Beloved pet, service dog, has been missing since October
Oct. 26, 2019, at 11 a.m. It’s a date and time Stephanie Rusher-Schrein will not soon forget.
That was when her service dog, Larry – her “baby” – went missing.
Stephanie and her family have lived at their home above Warren Bridge since moving to the Ozarks from Colorado earlier in 2019.
Stephanie had no fear, letting Larry out of the house for a little while a couple of times a day.
“I thought he would be fine out here,” she said.
But that was not the case that October morning.
“I let him out to go potty. A few minutes later I heard a vehicle stop on the road,” she said. “When I went out to call him, he was gone.”
Compounding the loss of the much-loved family pet is the fact that Larry is a service dog, not only for Stephanie but also for her 15-year-old autistic daughter, Zoe.
“I have heart problems and anxiety,” said Stephanie. “He keeps me calm. I’ve been a wreck since he was taken.”
An ‘advocate’ for the breed
Larry is a blue-nose pitbull, a breed often viewed as dangerous, but Stephanie said Larry changed many people’s minds about the breed.
“Everybody loved him, and he loved everybody,” she said. “He was an advocate for pits.”

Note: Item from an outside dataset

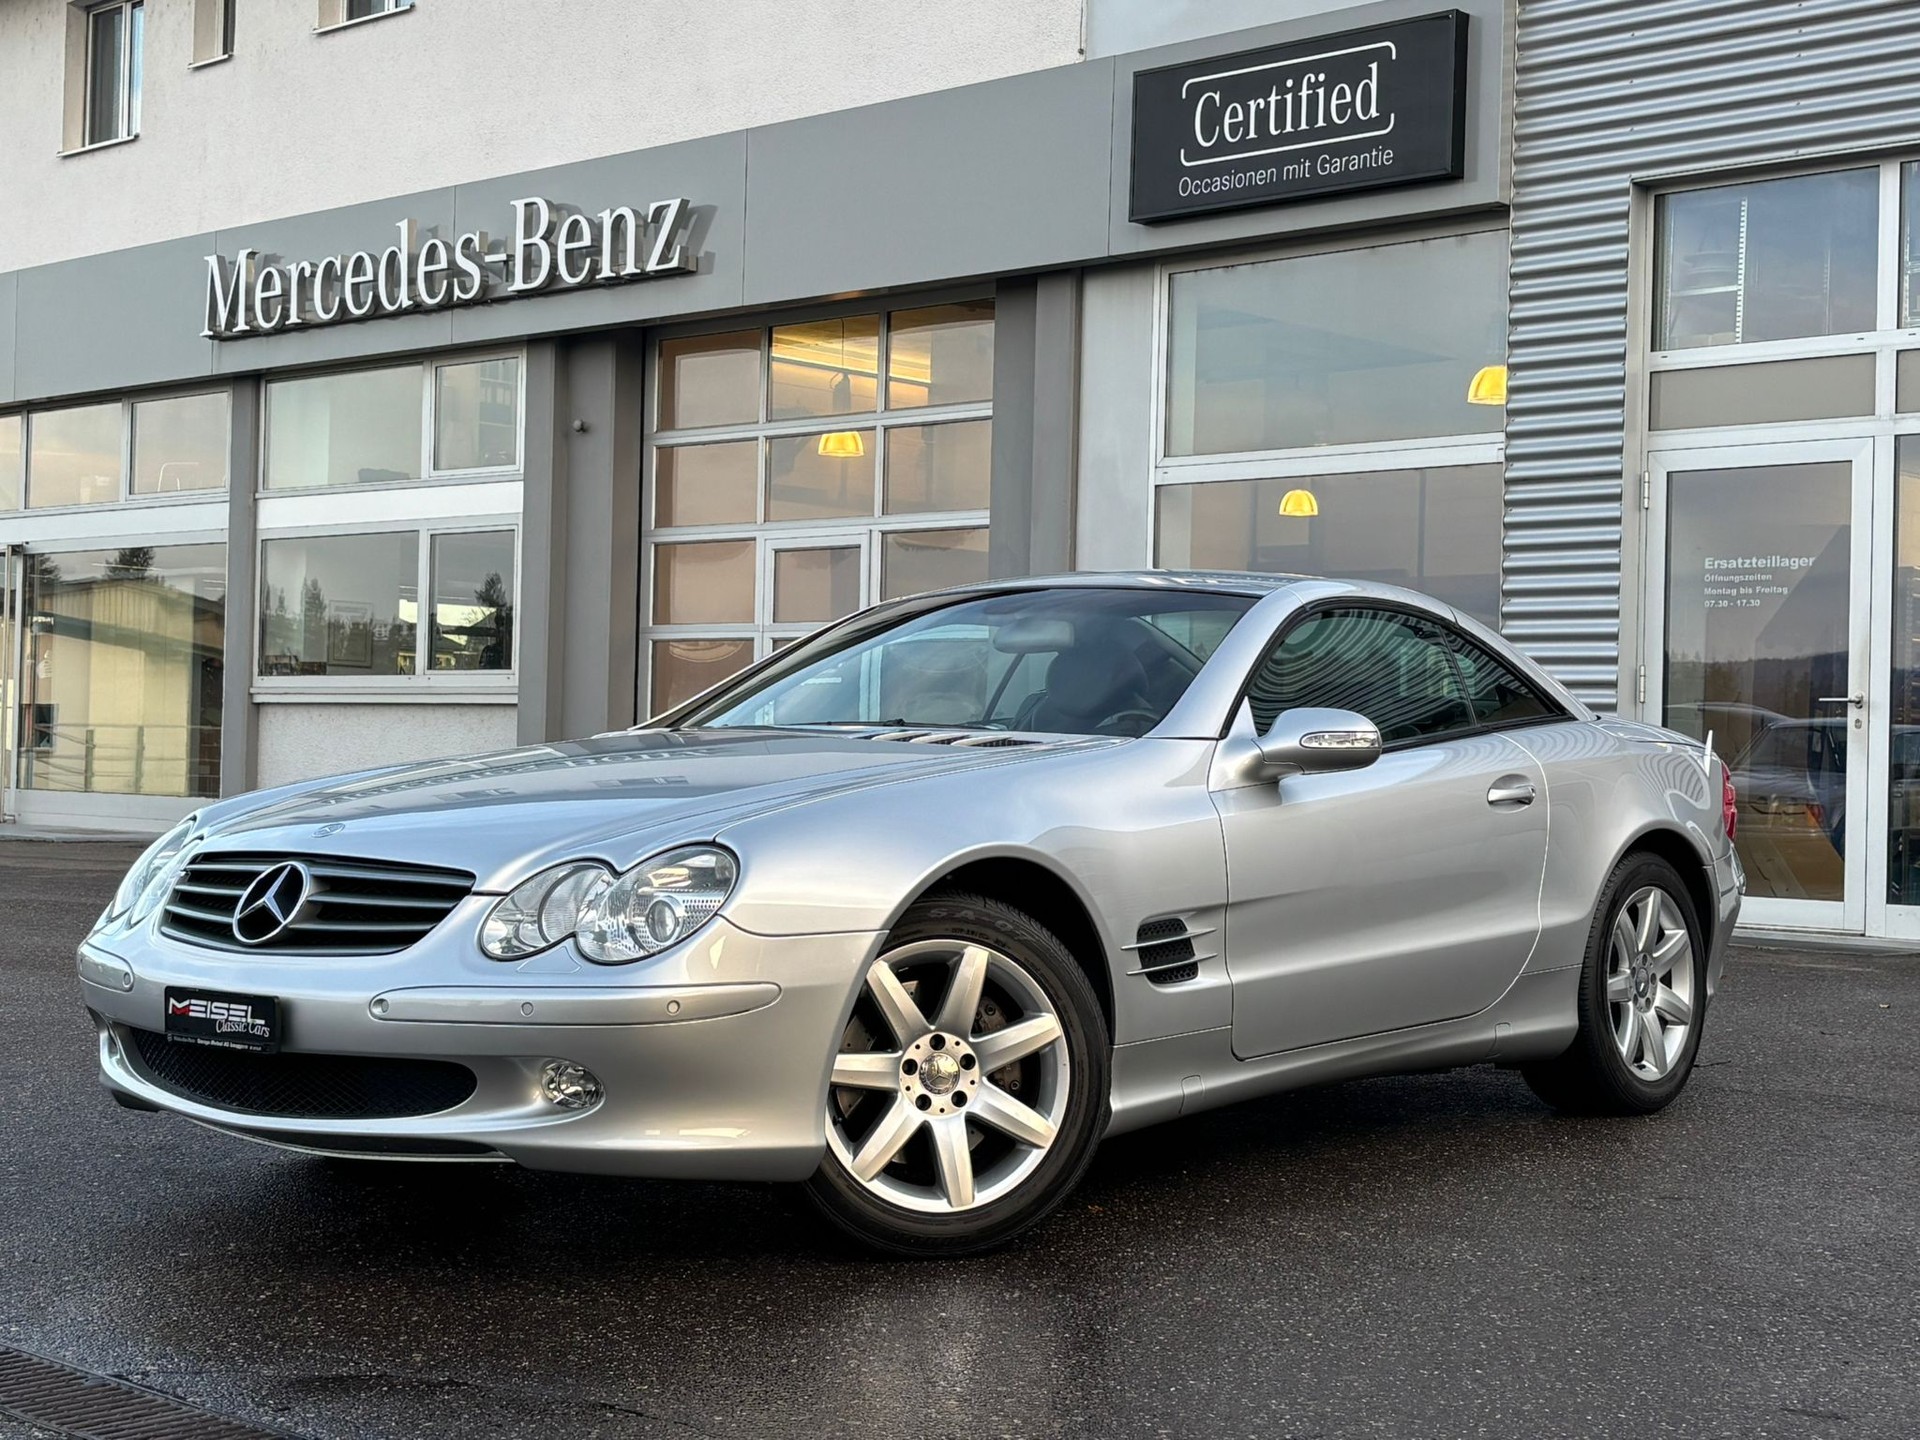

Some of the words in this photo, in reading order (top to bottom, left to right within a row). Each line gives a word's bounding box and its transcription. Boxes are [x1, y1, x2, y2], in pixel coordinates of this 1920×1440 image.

Larry and his littermates, two brothers and a sister, were born in June 2014 in the back of a U-Haul while Stephanie was driving from Kansas to Colorado. Determined that the puppies would go to good homes, she trained all four to be service dogs.
The female went to a military couple in Colorado Springs, she said, while one male went to a wheelchair-bound Vietnam vet and the other went to another wheelchair-bound man, a personal friend of Stephanie.
She kept Larry to help her and her family.
He went everywhere with her, often with his head out the window of her car with his sunglasses on.
But Larry was more than a service dog for Stephanie’s family. He also helped comfort rescue dogs in Lamar, Colorado. “He made them feel safer,” she said.
“He’s such a good dog,” said Stephanie. “My girls could dress him up, and he didn’t care. My daughter even did a whole make-up tutorial using him, and he just let her.”
Devastated and fearful
When Larry went missing, Stephanie said her family was devastated.
“My kids, even my ex-husband, cried. We mourn over him constantly.”
Stephanie said she and her family are desperate to have Larry back.
“I’ve lost a lot this year, and please, I’ll do just about anything [to get Larry back],” she said, breaking down in tears. “He wasn’t someone else’s to take. He has a good home, and he is loved. He wasn’t just out wandering.”
She said many people are looking for Larry.
“All our neighbors helped look for him. They are amazing people,” she said. “I have everybody looking for him – in town, at Town & Country, at the gas stations. My husband works for Winrod [Construction], and I drive him to his jobs all over. And we look for him everywhere.”
Stephanie said she looks for Larry no matter where she goes, even peering into other people’s cars at the grocery store.
“I feel like a stalker,” she said.
And while she hopes that whoever took Larry is taking good care of him, she has one main fear, especially given his breed.
“My worry is I don’t want him in a fighting ring. He’s such a big, lovable dog. He wouldn’t know how to fight a tick. That scares me more than anything.”
“I’ve cried almost every day,” said Stephanie. “He’s like one of my kiddos. It would be heavensent to get my puppy dog back. He really is a family dog. He helps keep us from falling apart.”
Losing Larry has been a struggle for Stephanie, increasing her anxiety.
“If I got him back I may not be so stressed all the time. I could get back in the world and not be so scared. Larry was one of my only comforts,” she said.
And she added that she’s willing to forgive, if Larry is returned.
“I would even find them their own dog and help train it. Larry is well-loved,” she said. “I’ll even share visitation rights. Please give me my dog back - My heart’s out there, and I’d like to have him back.”